El terremoto de magnitud 7,4 que sacudió Colombia el 10 de agosto de 2026 dejó al departamento del Chocó como la zona más castigada: 13 muertos, más de 100 viviendas colapsadas y otras 2.125 averiadas, con el epicentro ubicado en San José del Palmar. Un territorio históricamente olvidado, ahora en el centro de la atención nacional.
El presidente Abelardo de la Espriella visitó Quibdó el 14 de agosto y anunció dos medidas concretas: la designación de un gerente especial para articular todas las necesidades del departamento con el gobierno nacional, y un ambicioso ‘plan Marshall’ para la reconstrucción y transformación del Chocó. La referencia no es menor: De la Espriella aludió explícitamente al programa con el que Estados Unidos destinó 13.000 millones de dólares a Europa tras la Segunda Guerra Mundial.
“Tienen un gobierno nacional comprometido con este departamento. Tenemos una oportunidad histórica de saldar la deuda que por tantos años ha tenido el Estado colombiano con este departamento”, sostuvo el mandatario. La frase resume una realidad que pocas veces se dice tan claro desde el poder: el Chocó fue abandonado durante décadas por el centralismo bogotano, y el terremoto lo dejó al desnudo de manera brutal.
El recorrido presidencial pasó por la Universidad Tecnológica del Chocó, el barrio Medrano, el sector El Piñal y el Colegio Carrasquilla, cerrando en un Puesto de Mando Unificado junto a la gobernadora Nubia Córdoba. No fue una visita protocolar: De la Espriella anticipó que volverá de forma reiterativa para hacer seguimiento a las tareas de reconstrucción.

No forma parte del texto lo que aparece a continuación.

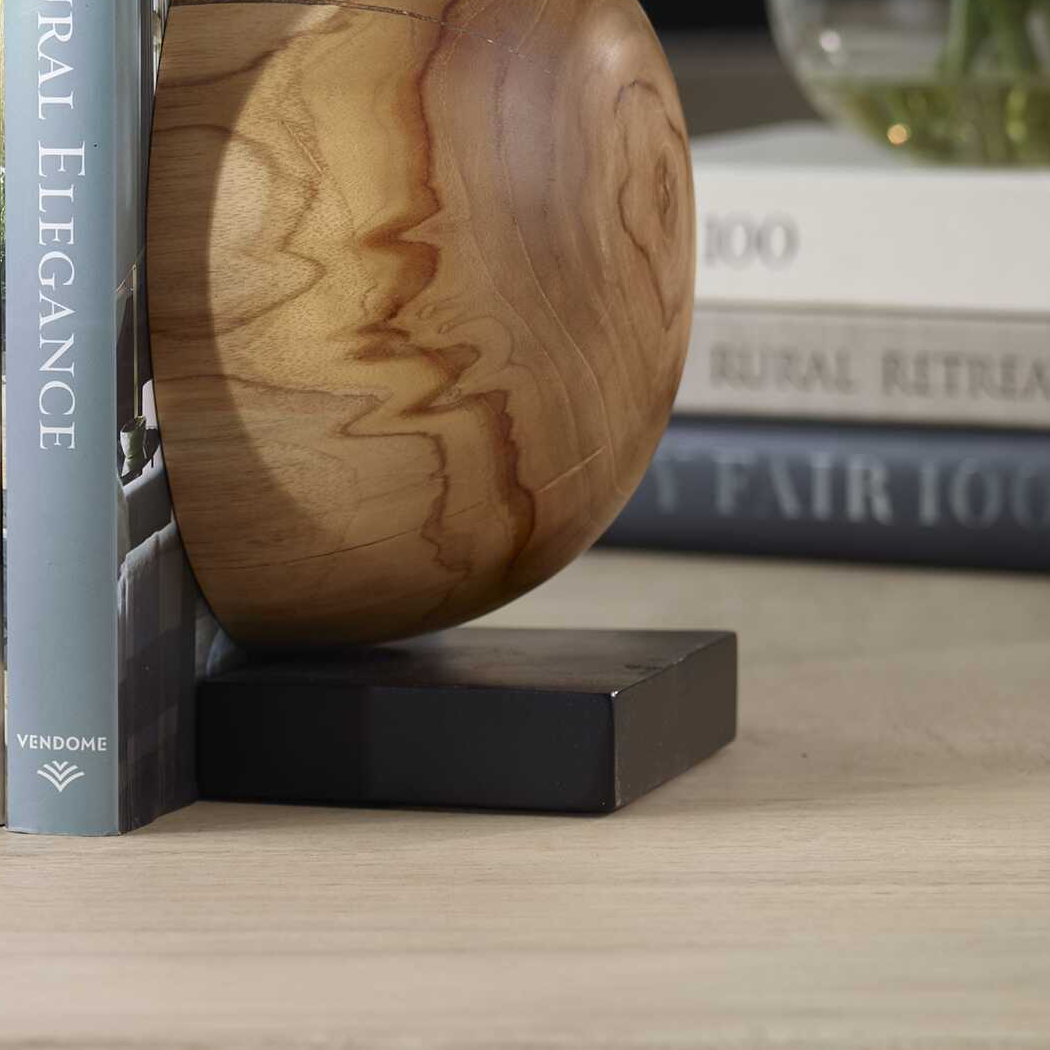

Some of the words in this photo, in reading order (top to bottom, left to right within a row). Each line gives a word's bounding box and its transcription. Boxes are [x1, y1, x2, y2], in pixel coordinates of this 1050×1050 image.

En paralelo, el vicepresidente José Manuel Restrepo y el ministro del Interior Rodrigo Lara acompañaron a comunidades afectadas y anunciaron que las principales afectaciones de infraestructura se concentraron en colegios. Para ese frente, se buscará coordinación con el Ministerio de las TIC para garantizar educación virtual y conectividad mientras se reconstruyen los edificios. Por su parte, el ministro de Vivienda Jaime Andrés Beltrán estuvo en Villamaría, Caldas, trabajando en alternativas habitacionales para las familias damnificadas en ese departamento.
El plan anunciado deberá articularse con todos los ministerios y traducirse en obras concretas en uno de los departamentos con mayor índice de pobreza de Colombia. Las palabras suenan fuertes; la reconstrucción real dirá si esta vez el Chocó deja de ser promesa para convertirse en prioridad.